Fallen firefighters remembered with Victoria memorial

New bronze memorial unveiled at legislature after mass march Wednesday

Bev Jennings Bazin

There are few professions more dangerous than firefighting, and even fewer that create a universal bond transcending cities, provinces and international borders.

Victoria Fire Department Lt. Gary Birtwhistle recalls that many of his colleagues flew to Manhattan in the wake of 9/11 to offer support to the hundreds of families attending funerals.

“It’s very moving, especially for us, because you obviously relate it to your brothers and sisters that you work with,” said Birtwhistle, who also serves as secretary-treasurer of the B.C. Fire Fighters Union local 730.

On Wednesday, more than 500 firefighters from across B.C. marched proudly and sombrely down Belleville and Government streets for their biennial commemoration of those lost in the line of duty.

Premier Christy Clark and the B.C. Professional Fire Fighters Association then unveiled a bronze fallen firefighter statue that will permanently stand on the rear legislature grounds.

A national firefighters memorial was created last year in Ottawa at the site of that city’s great fire of 1900, but B.C. had no formal recognition of the sacrifices made by the province’s firefighters until now.

B.C. artist Dean Lauze was commissioned by the provincial government to create the work.

“It’s important for both paid and unpaid firefighters,” said Darren Blackwell, local 730 president. “It’s honouring our fallen brothers and sisters.”

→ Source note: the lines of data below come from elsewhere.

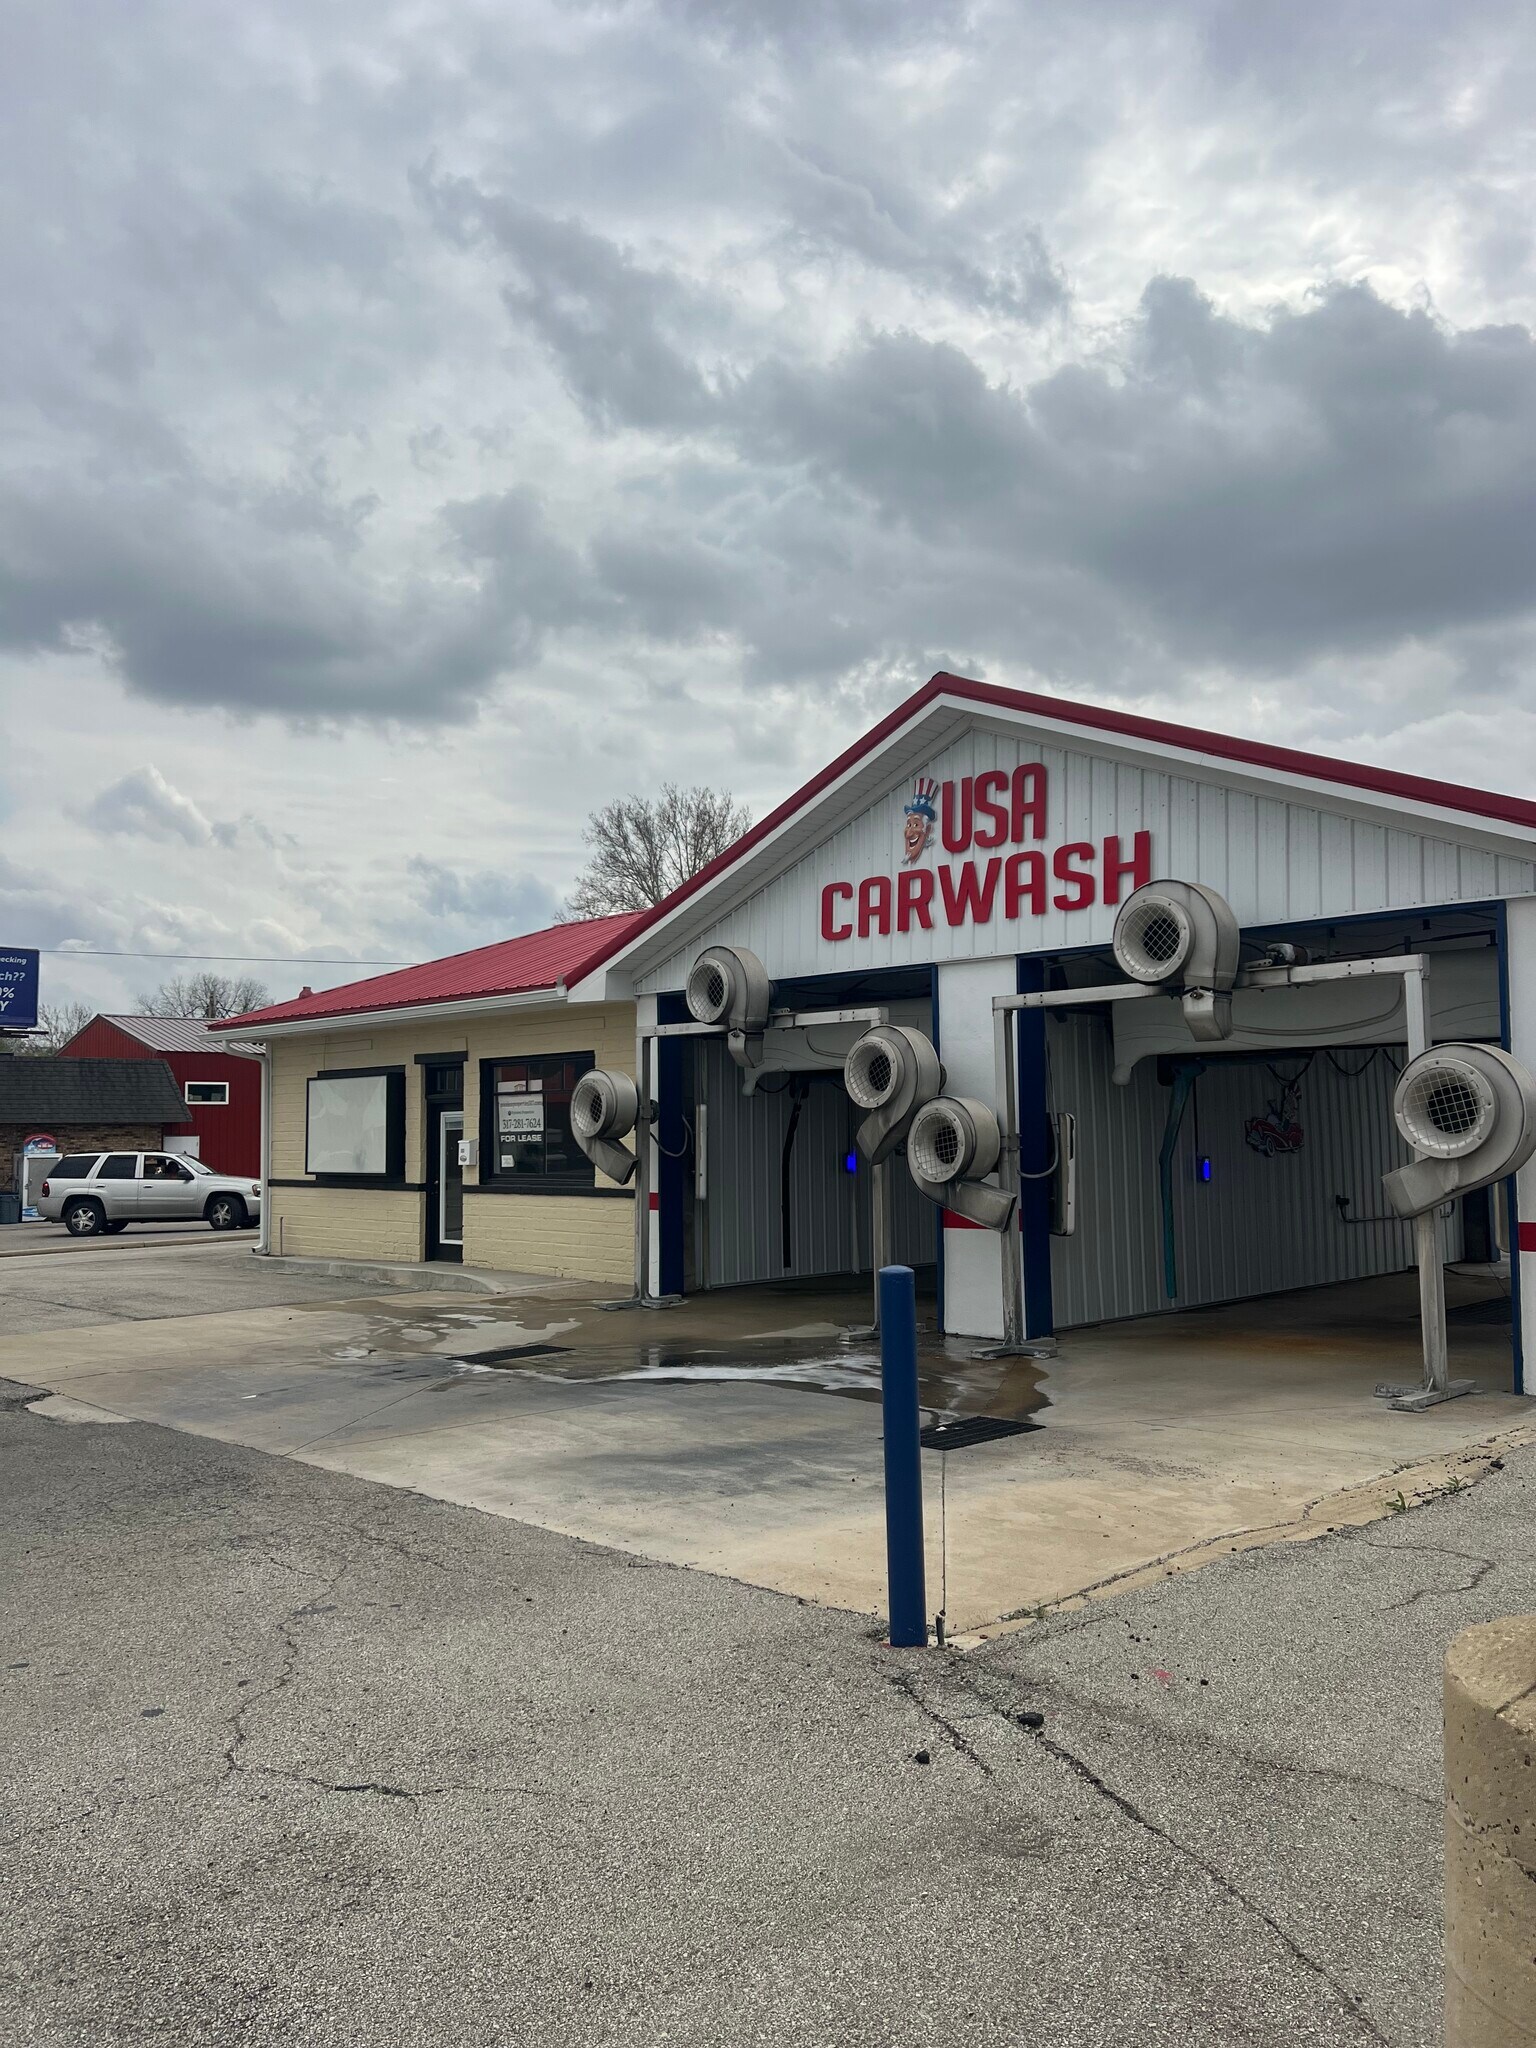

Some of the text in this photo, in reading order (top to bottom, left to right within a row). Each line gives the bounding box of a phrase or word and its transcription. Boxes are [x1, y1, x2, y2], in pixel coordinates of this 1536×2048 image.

[942, 762, 1048, 853] USA
[821, 830, 1151, 941] CARWASH
[0, 956, 27, 965] ecking
[502, 1118, 541, 1129] 317-281-7624
[518, 1134, 542, 1142] LEASE

While more than 1,000 on-duty deaths have been documented in Canada over the past 160 years, Victoria hasn’t suffered a fatality since 1947, when Leonard Harper fell from a ladder during a training exercise at the Yates Street fire hall. There have been four VFD deaths since its inception in 1858.

Birtwhistle said firefighters have fought hard recently to gain recognition for particular cancer-related deaths due to fire exposure.

“If we do get certain types of cancers, it is presumed to be part of our occupation,” he said. “It means a lot to us that it was presumed to be in the line of duty. I’d say we still get one guy a month passing away from cancer.”